▶ Task brief
Please output the listing that follows exactly, but keep all images out.

((

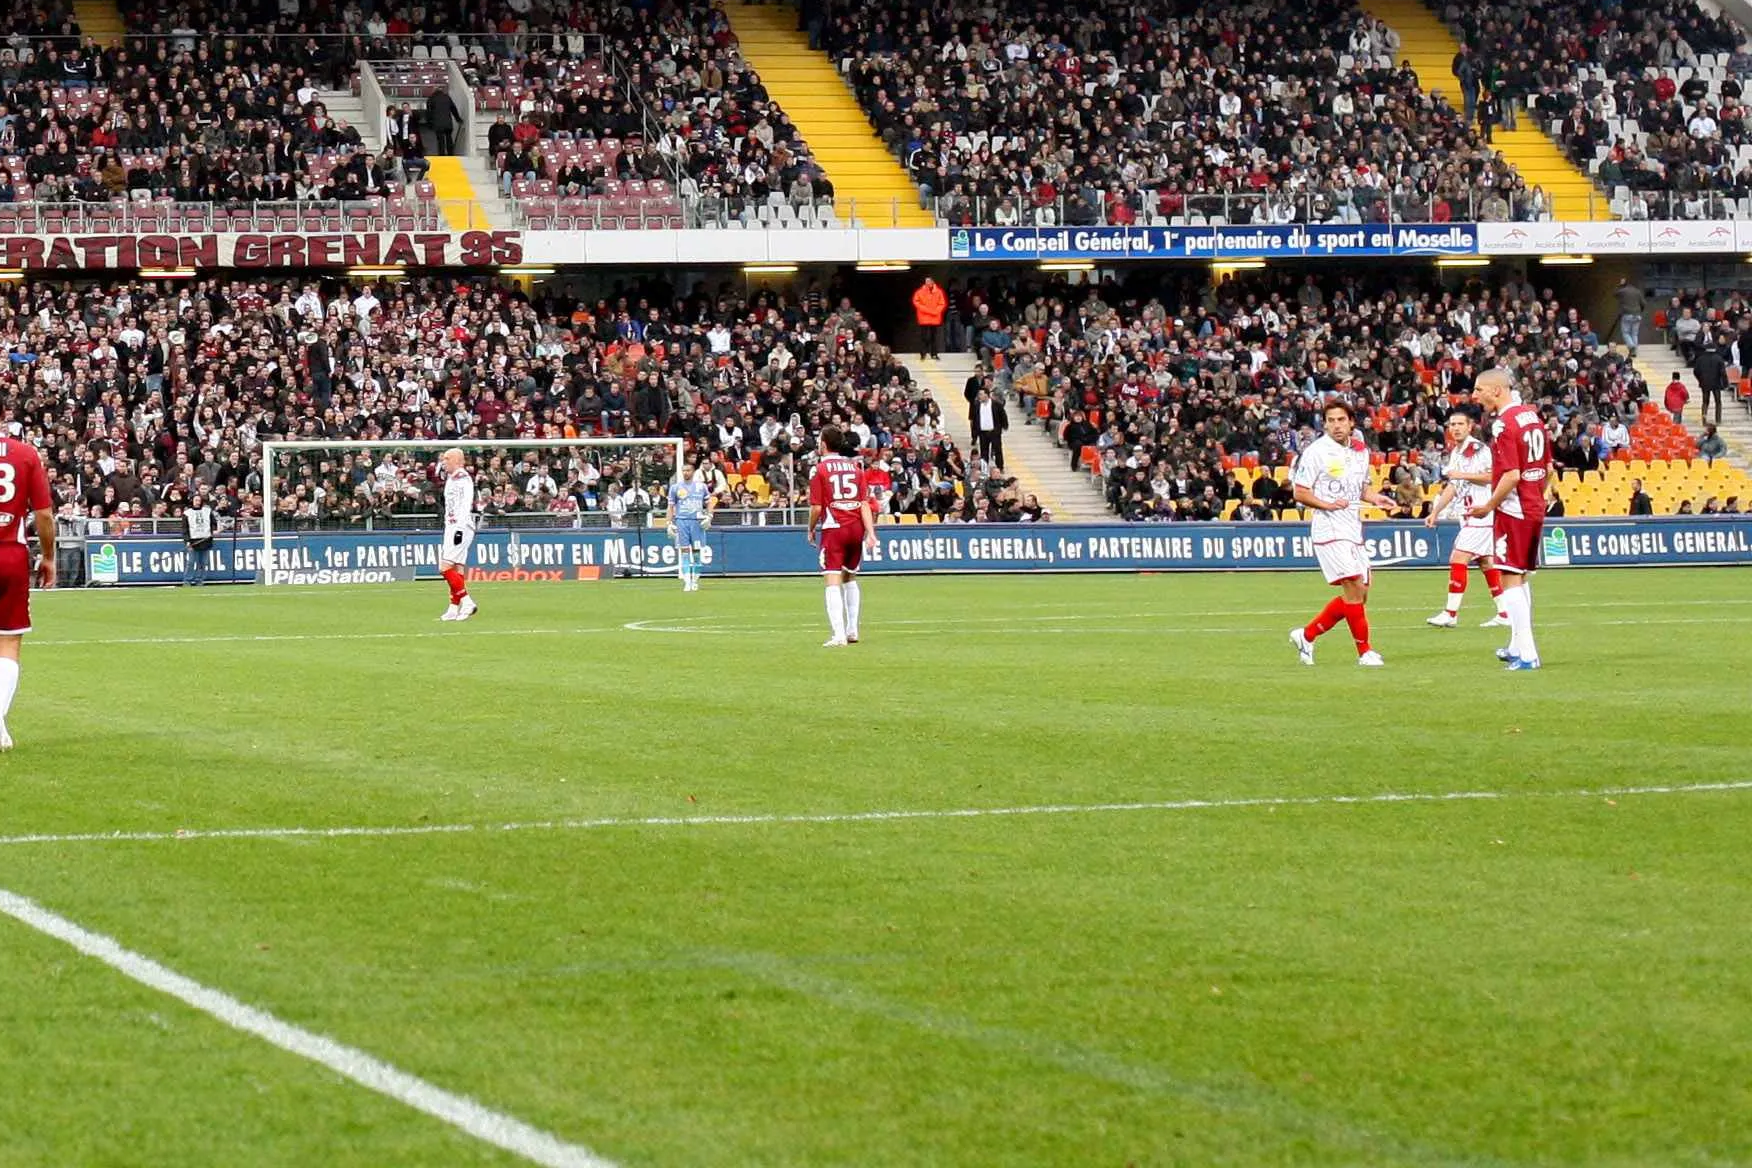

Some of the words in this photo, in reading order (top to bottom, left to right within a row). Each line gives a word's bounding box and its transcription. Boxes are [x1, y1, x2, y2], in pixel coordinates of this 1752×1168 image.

[234, 233, 451, 267] GRENAT
[460, 230, 523, 266] 95
[975, 233, 996, 252] Le
[1002, 232, 1071, 252] Conseil
[1075, 230, 1154, 254] Général,
[1163, 232, 1179, 252] 1er
[1185, 232, 1281, 256] partenaire
[1287, 232, 1312, 250] du
[1317, 232, 1366, 254] sport
[1370, 233, 1394, 249] en
[1398, 228, 1473, 248] Moselle
[1523, 429, 1545, 463] 10
[829, 474, 859, 500] 15
[122, 551, 142, 573] LE
[150, 549, 225, 572] CONIL
[325, 546, 349, 567] 1er
[478, 543, 499, 564] DU
[507, 543, 564, 565] SPORT
[572, 543, 593, 564] EN
[604, 538, 713, 565] Mosee
[863, 540, 882, 561] LE
[888, 538, 962, 560] CONSEIL
[969, 538, 1054, 563] GENERAL,
[1058, 538, 1082, 559] 1er
[1089, 537, 1192, 558] PARTENAIRE
[1204, 537, 1223, 558] DU
[1232, 537, 1285, 558] SPORT
[1293, 536, 1313, 558] EN
[1366, 530, 1428, 559] selle
[1571, 535, 1591, 556] LE
[1598, 533, 1667, 555] CONSEIL
[467, 568, 564, 582] livebox

))

▶ Your response
Some of the words in this photo, in reading order (top to bottom, left to right within a row). Each line gives a word's bounding box and its transcription. Boxes are [x1, y1, x2, y2], in pixel coordinates of this 1752×1168 image.

[234, 233, 451, 267] GRENAT
[460, 230, 523, 266] 95
[975, 233, 996, 252] Le
[1002, 232, 1071, 252] Conseil
[1075, 230, 1154, 254] Général,
[1163, 232, 1179, 252] 1er
[1185, 232, 1281, 256] partenaire
[1287, 232, 1312, 250] du
[1317, 232, 1366, 254] sport
[1370, 233, 1394, 249] en
[1398, 228, 1473, 248] Moselle
[1523, 429, 1545, 463] 10
[829, 474, 859, 500] 15
[122, 551, 142, 573] LE
[150, 549, 225, 572] CONIL
[325, 546, 349, 567] 1er
[478, 543, 499, 564] DU
[507, 543, 564, 565] SPORT
[572, 543, 593, 564] EN
[604, 538, 713, 565] Mosee
[863, 540, 882, 561] LE
[888, 538, 962, 560] CONSEIL
[969, 538, 1054, 563] GENERAL,
[1058, 538, 1082, 559] 1er
[1089, 537, 1192, 558] PARTENAIRE
[1204, 537, 1223, 558] DU
[1232, 537, 1285, 558] SPORT
[1293, 536, 1313, 558] EN
[1366, 530, 1428, 559] selle
[1571, 535, 1591, 556] LE
[1598, 533, 1667, 555] CONSEIL
[467, 568, 564, 582] livebox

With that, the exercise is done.